ACTION ITEM – An exact transcription is needed, starting with the line that contains "Some of the words" and ending with the last line of the records.

Referring expression grounding data:
****************************************

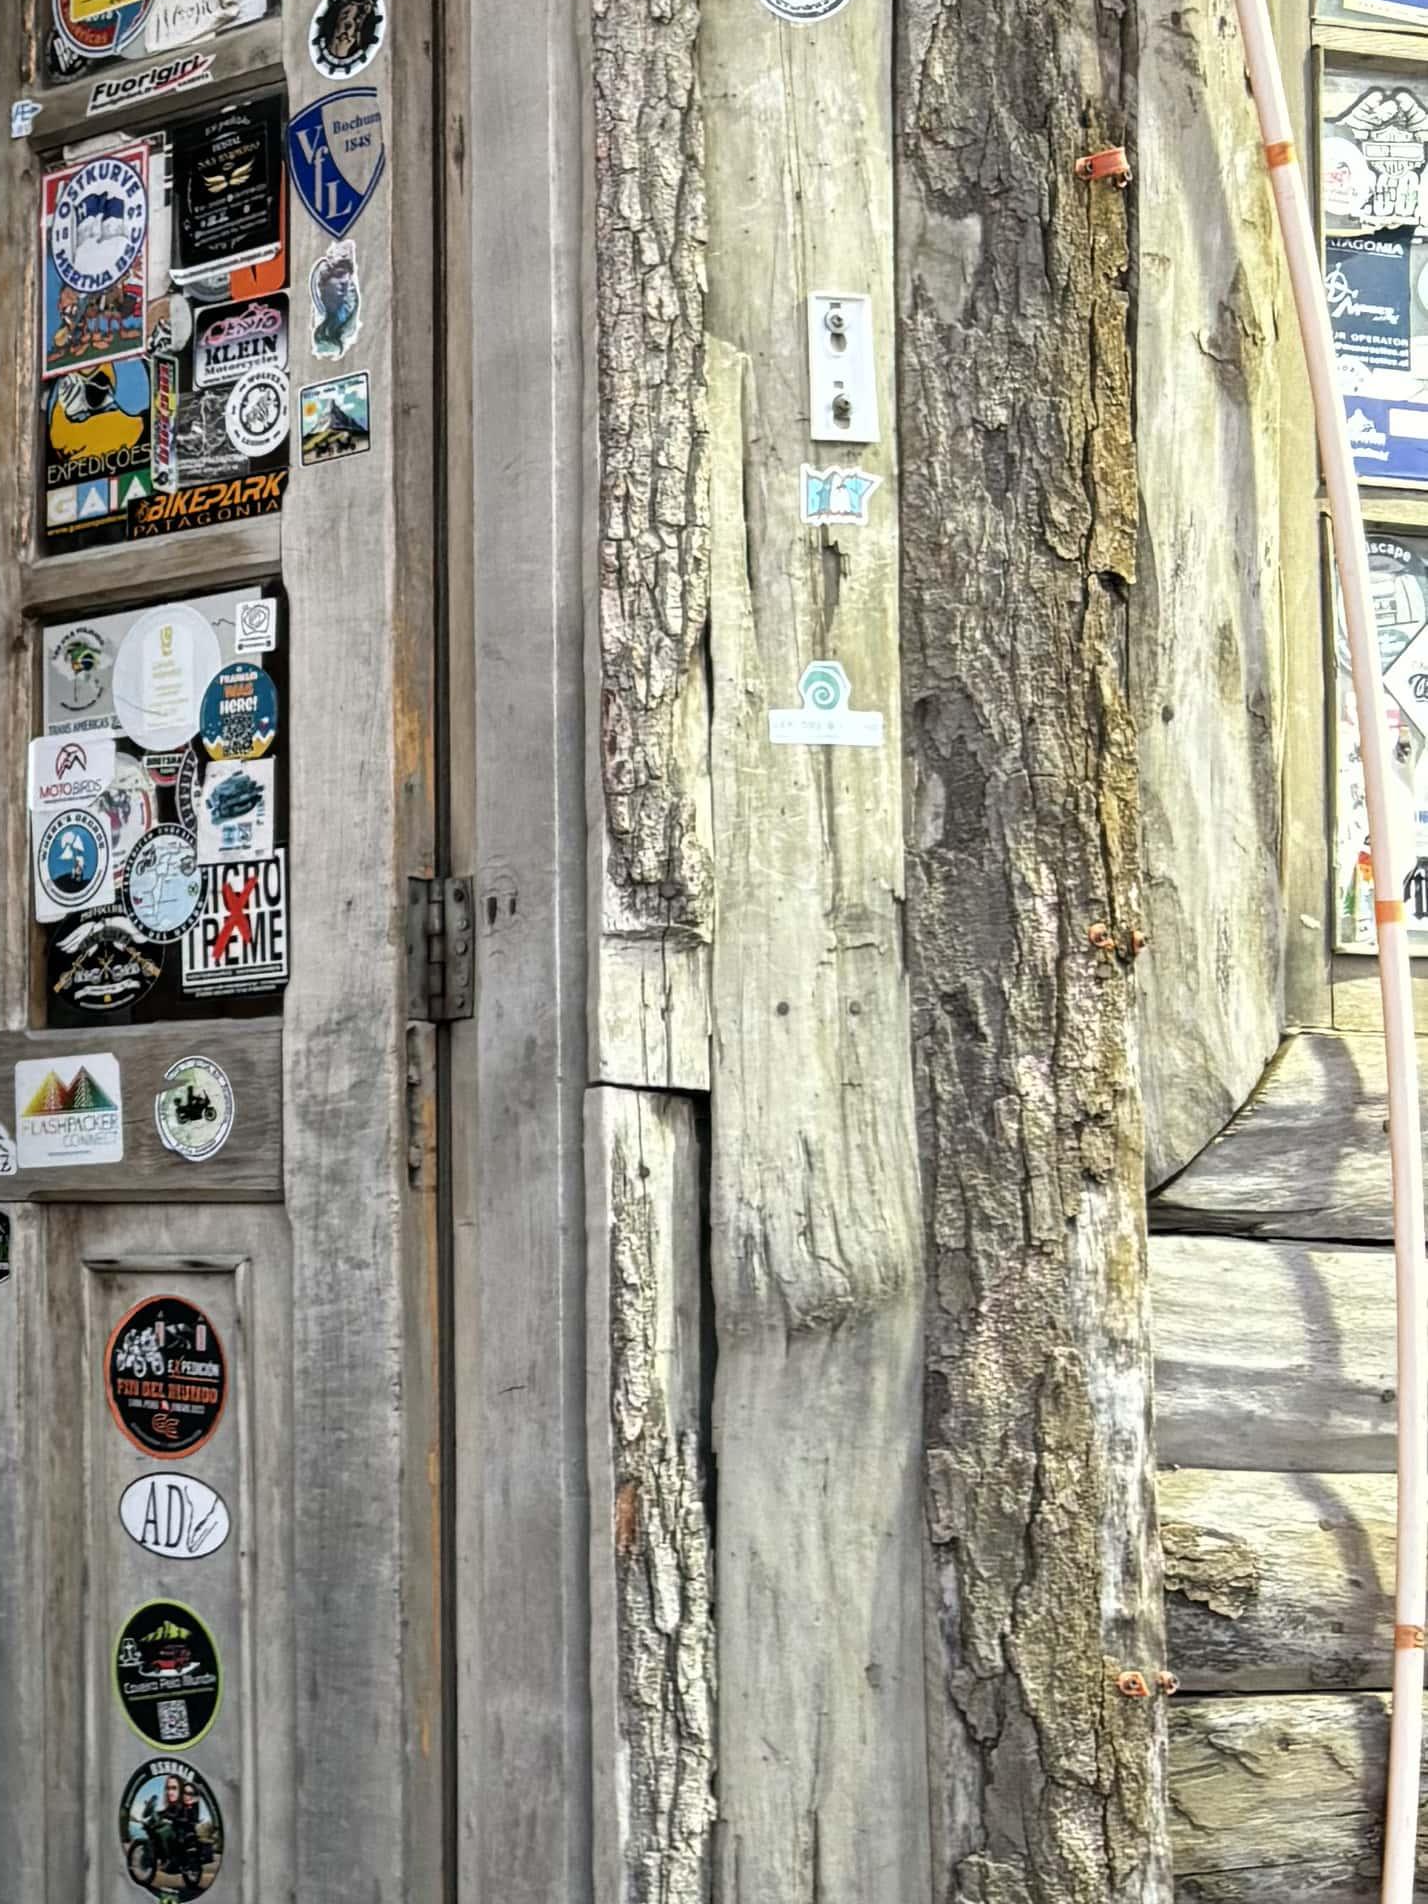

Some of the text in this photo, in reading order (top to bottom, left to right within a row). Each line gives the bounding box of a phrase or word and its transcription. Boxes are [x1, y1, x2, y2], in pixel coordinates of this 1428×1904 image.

[331, 104, 383, 135] Bochum
[343, 131, 372, 153] 1848
[58, 159, 141, 218] OSTKURVE
[56, 226, 142, 287] HERTHA BSC
[204, 335, 279, 365] KLEIN
[46, 444, 151, 484] EXPEDIÇÕES
[145, 471, 285, 521] BIKEPARK
[132, 499, 280, 539] PATAGONIA
[21, 1114, 119, 1136] FLASHPACKER
[62, 1132, 119, 1149] CONNECT
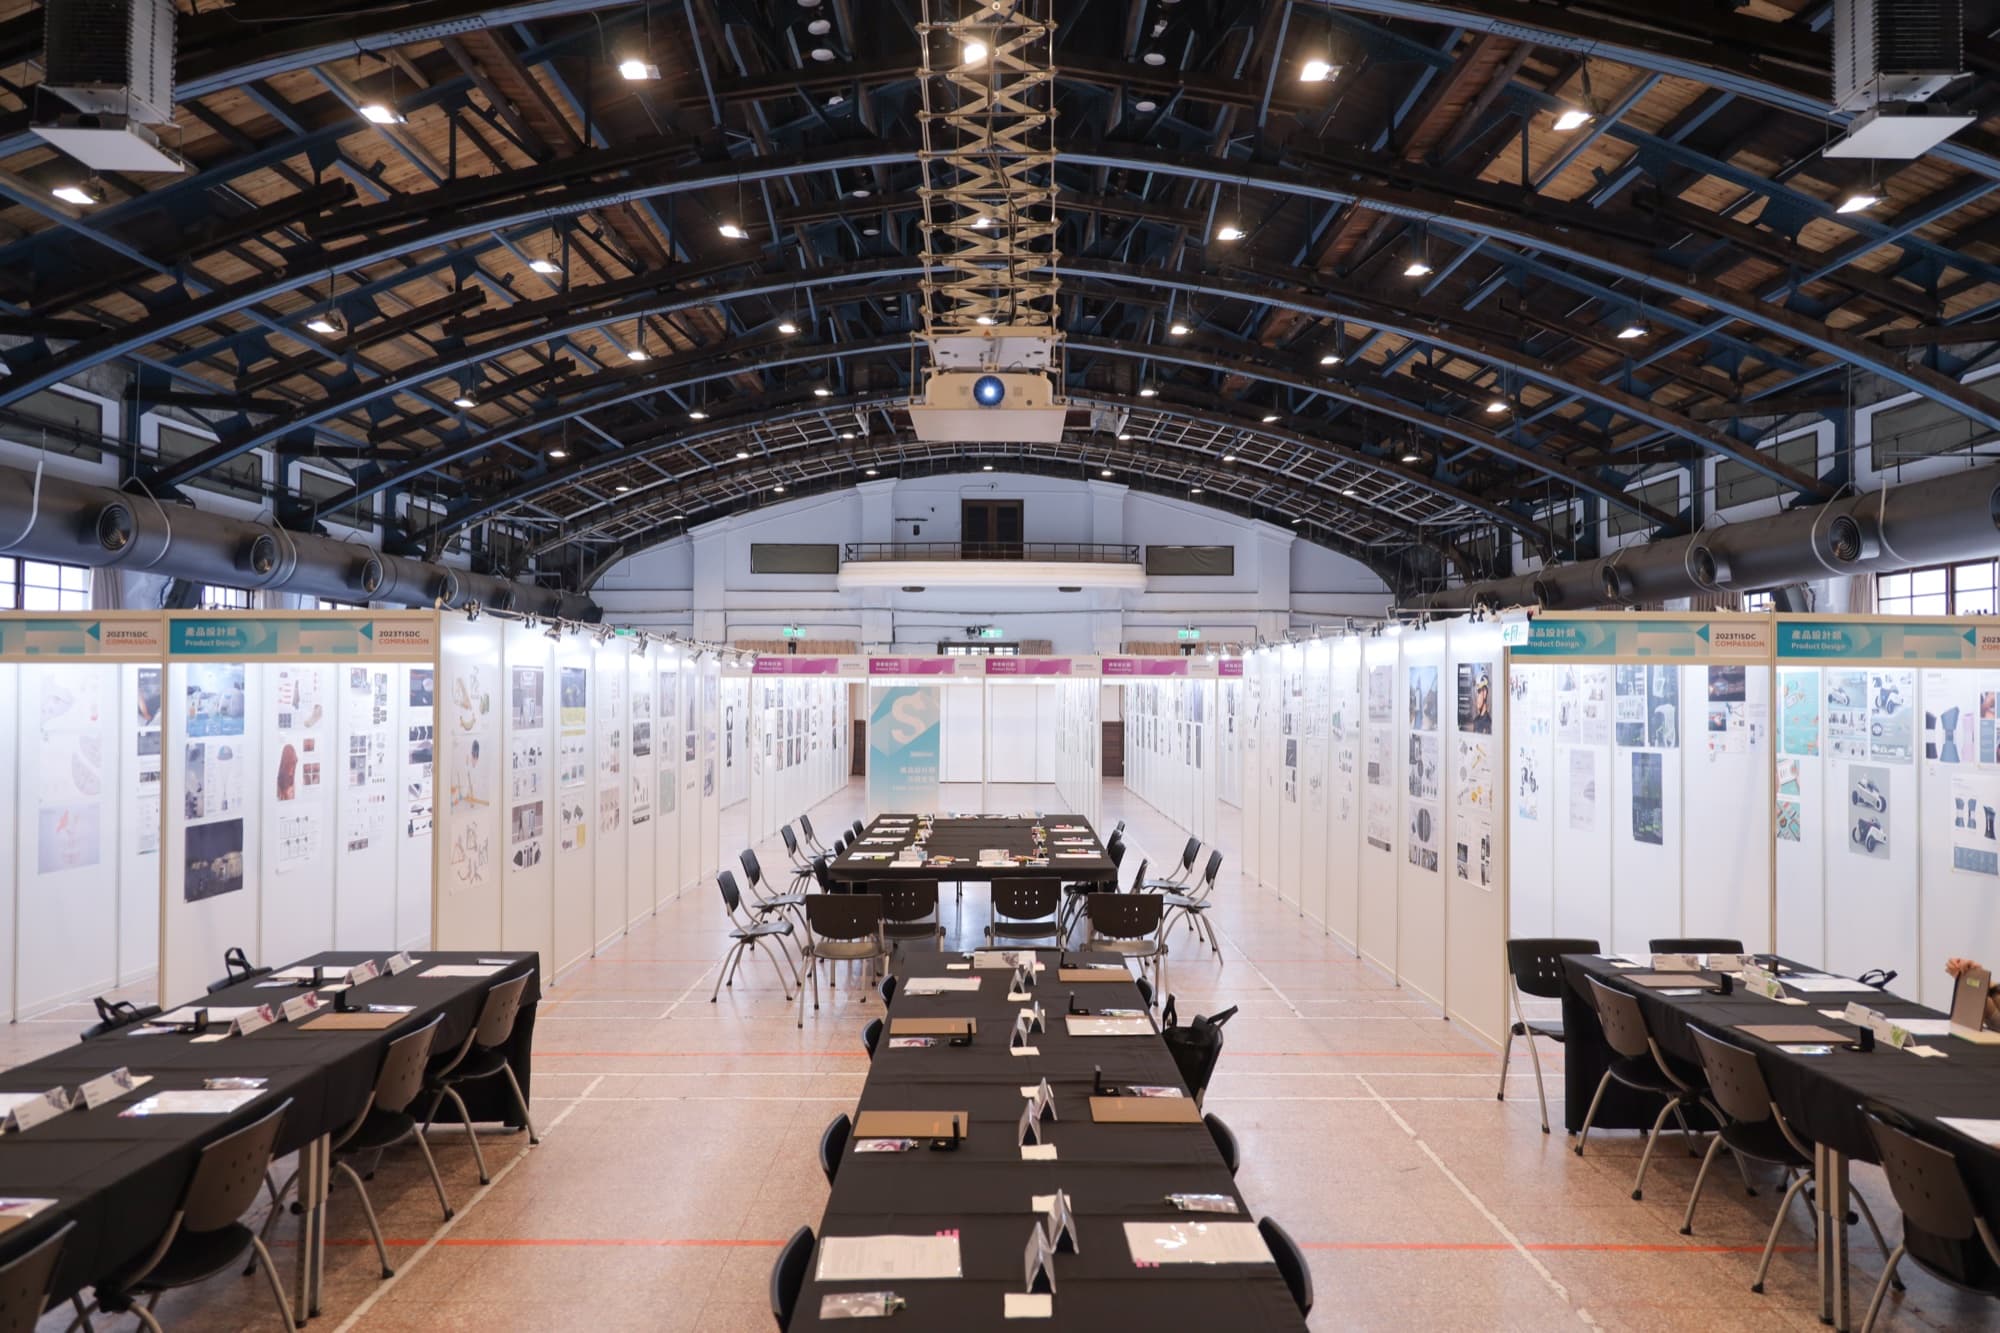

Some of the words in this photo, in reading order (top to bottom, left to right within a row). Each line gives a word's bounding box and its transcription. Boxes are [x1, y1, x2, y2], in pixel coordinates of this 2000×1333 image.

[185, 639, 215, 647] Product
[216, 639, 240, 648] Design
[1555, 640, 1580, 649] Design
[1715, 640, 1765, 648] COMPASSION
[1821, 642, 1846, 651] Design

****************************************

RESPONSE BOX –
Some of the words in this photo, in reading order (top to bottom, left to right within a row). Each line gives a word's bounding box and its transcription. Boxes are [x1, y1, x2, y2], in pixel coordinates of this 2000×1333 image.

[185, 639, 215, 647] Product
[216, 639, 240, 648] Design
[1555, 640, 1580, 649] Design
[1715, 640, 1765, 648] COMPASSION
[1821, 642, 1846, 651] Design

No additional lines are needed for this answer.